WHAT YOU WILL DO:
From the first line to the last, give the records again exactly and skip the pictures.

Records from a data collection:

==============================

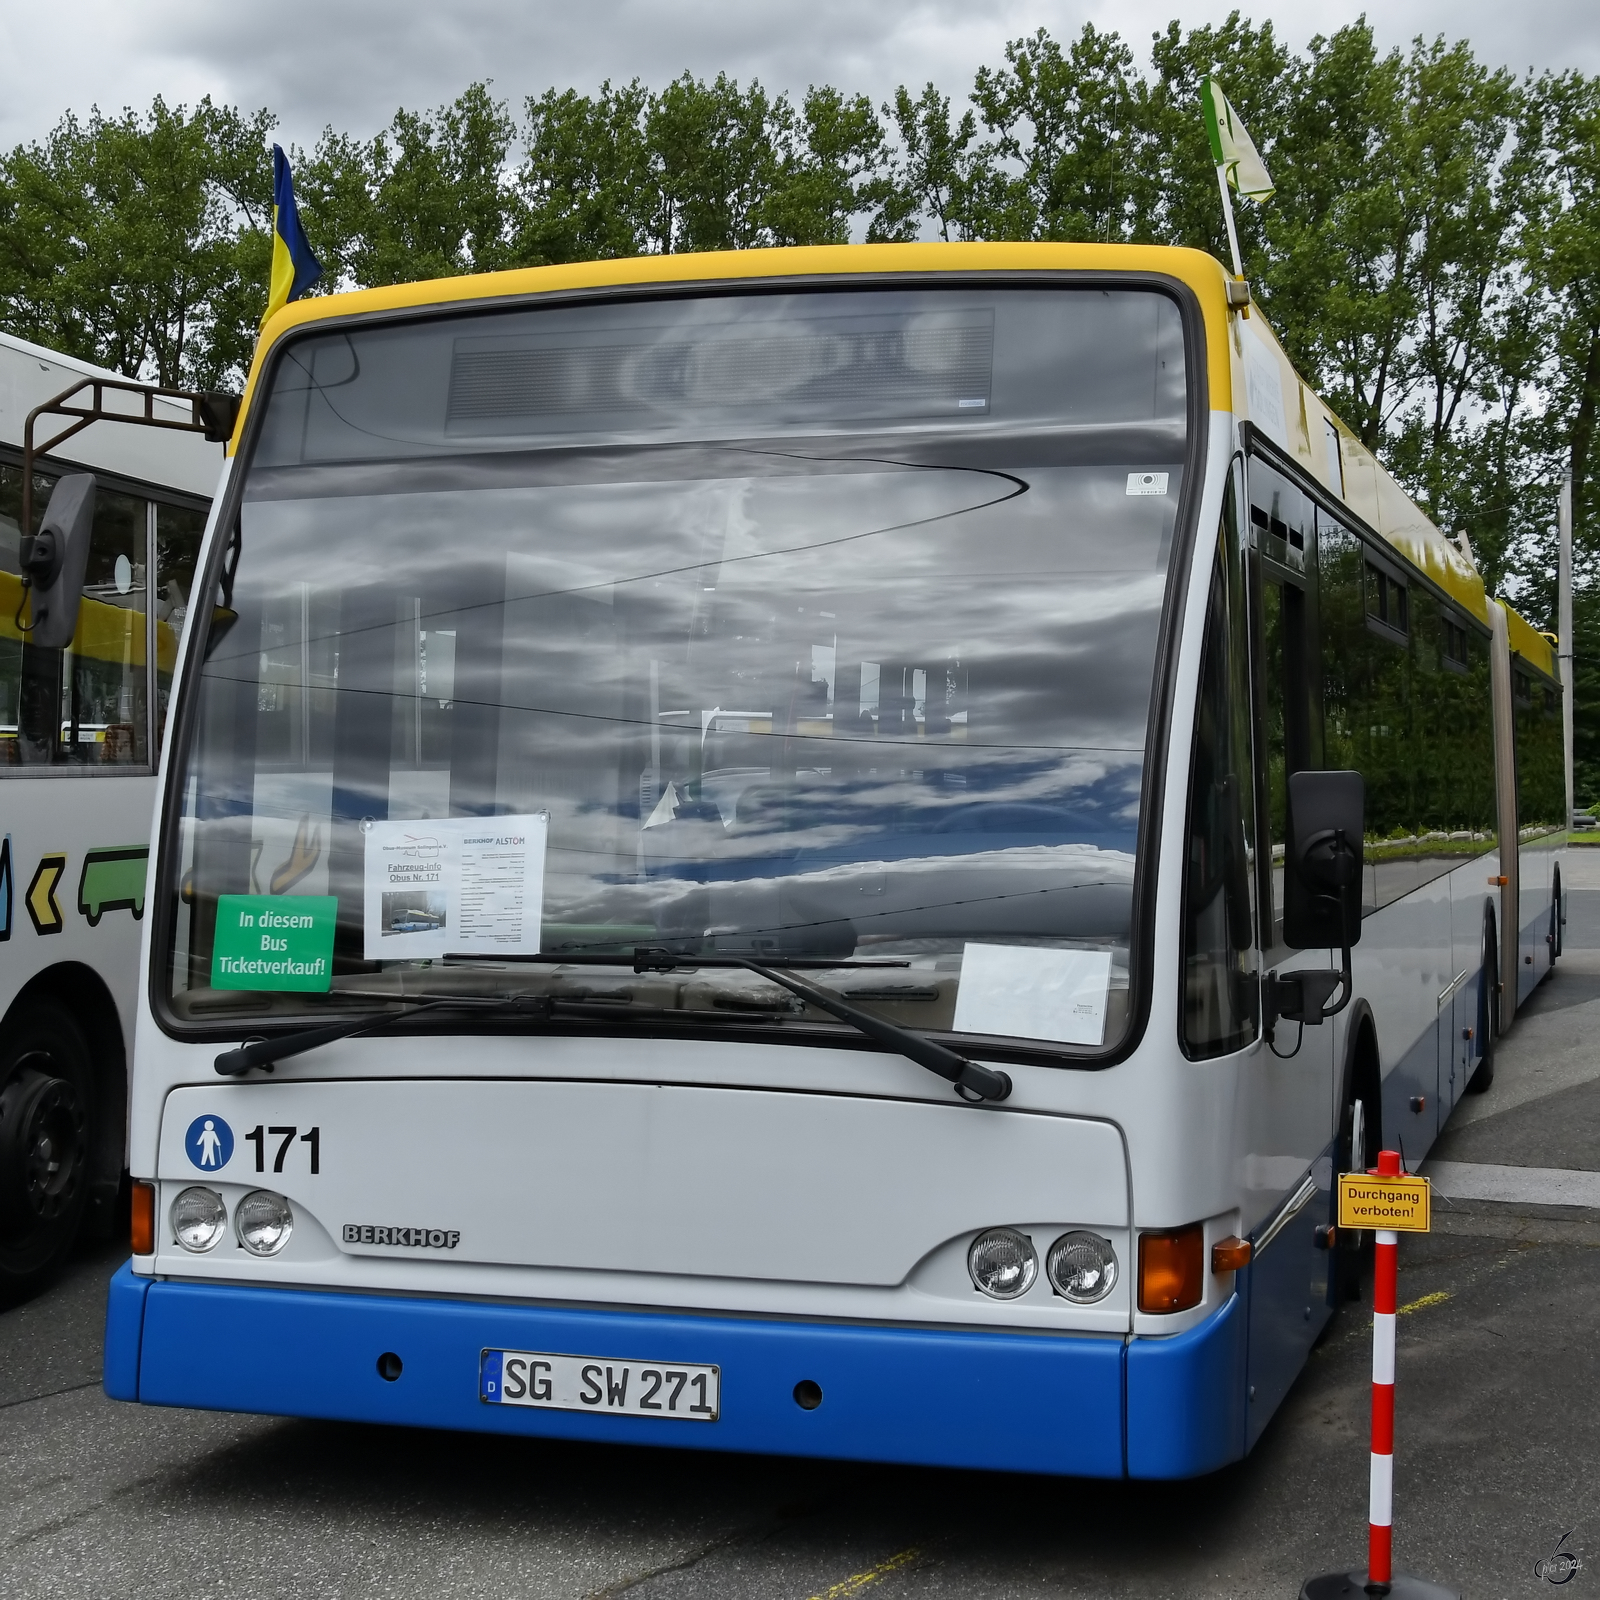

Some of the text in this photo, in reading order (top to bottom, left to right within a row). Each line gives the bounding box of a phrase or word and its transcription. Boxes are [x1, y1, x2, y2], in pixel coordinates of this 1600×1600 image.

[495, 836, 525, 845] ALSTOM
[387, 862, 442, 872] Fahrzeug-Info
[389, 873, 440, 882] Obus Nr. 171
[239, 910, 314, 929] In diesem
[260, 934, 288, 951] Bus
[219, 956, 326, 976] Ticketverkauf!
[245, 1124, 320, 1175] 171
[1348, 1187, 1420, 1204] Durchgang
[1352, 1205, 1414, 1218] verboten!
[343, 1224, 461, 1249] BERKHOF
[487, 1381, 496, 1393] D
[503, 1358, 713, 1413] SG SW 271
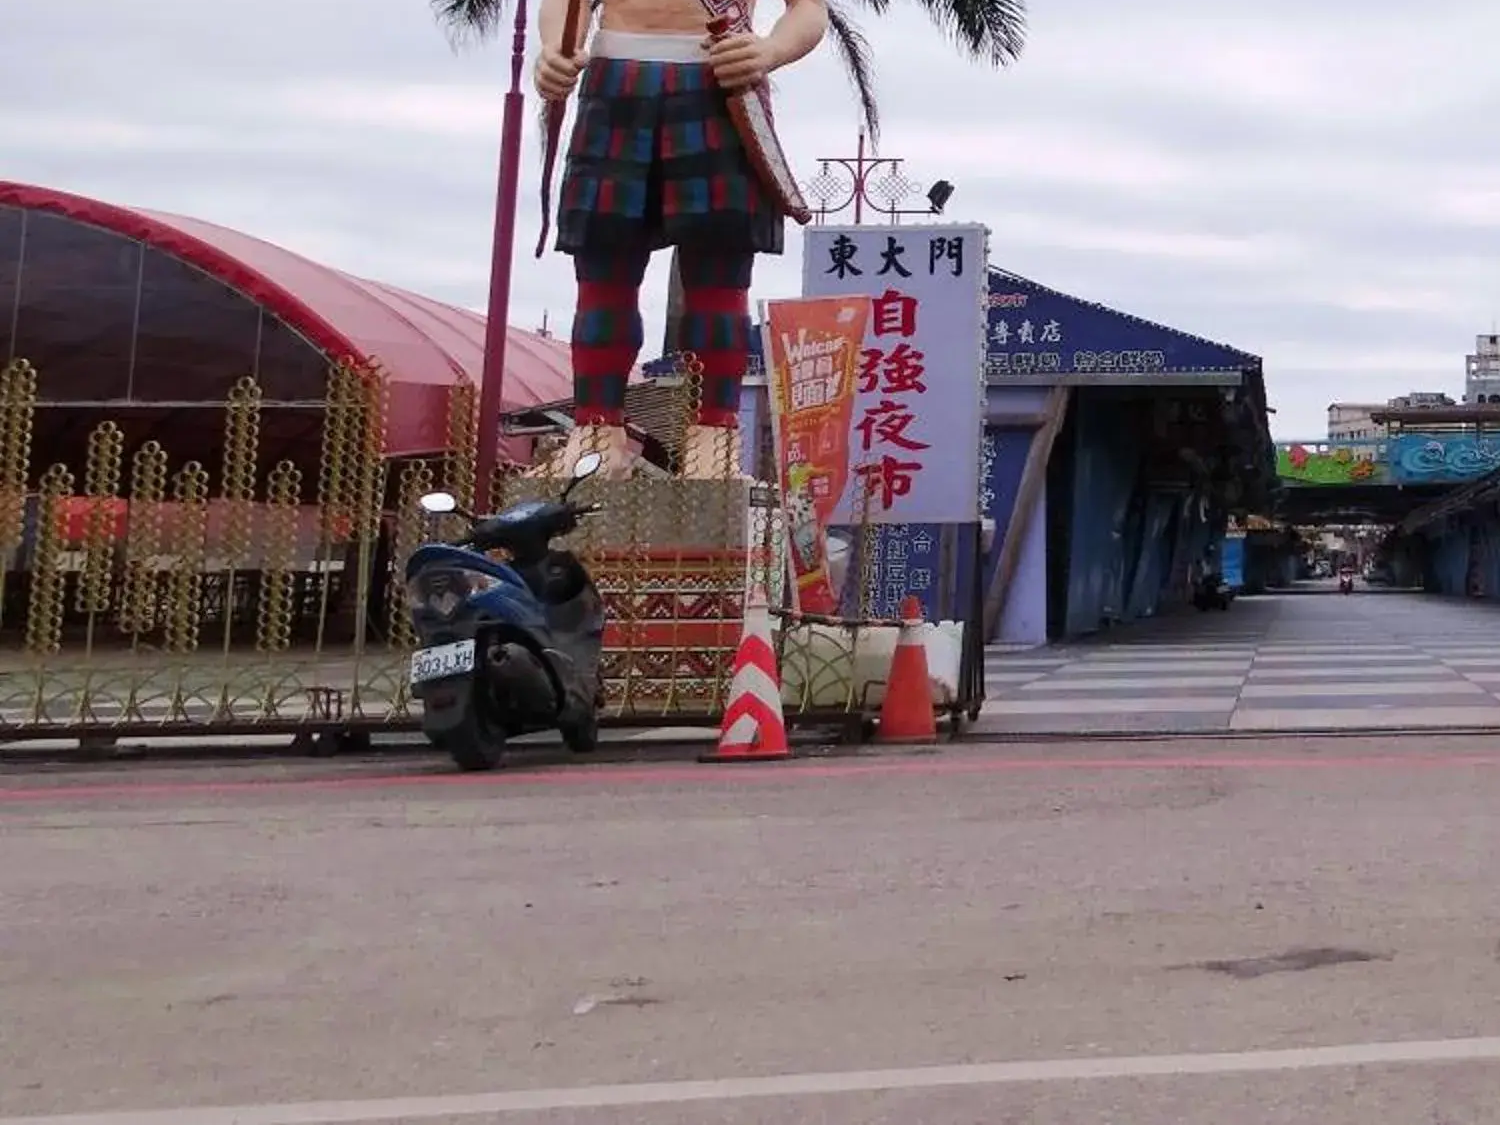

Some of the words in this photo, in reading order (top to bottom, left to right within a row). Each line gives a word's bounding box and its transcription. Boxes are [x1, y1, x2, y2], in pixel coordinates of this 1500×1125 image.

==============================

WRITTEN SOLUTION:
Some of the text in this photo, in reading order (top to bottom, left to right within a row). Each line gives the bounding box of a phrase or word and its transcription. Boxes are [x1, y1, x2, y2], in pixel coordinates of this 1600×1600 image.

[495, 836, 525, 845] ALSTOM
[387, 862, 442, 872] Fahrzeug-Info
[389, 873, 440, 882] Obus Nr. 171
[239, 910, 314, 929] In diesem
[260, 934, 288, 951] Bus
[219, 956, 326, 976] Ticketverkauf!
[245, 1124, 320, 1175] 171
[1348, 1187, 1420, 1204] Durchgang
[1352, 1205, 1414, 1218] verboten!
[343, 1224, 461, 1249] BERKHOF
[487, 1381, 496, 1393] D
[503, 1358, 713, 1413] SG SW 271

Some of the words in this photo, in reading order (top to bottom, left to right within a row). Each line gives a word's bounding box and its transcription. Boxes are [x1, y1, x2, y2], in pixel coordinates of this 1500×1125 image.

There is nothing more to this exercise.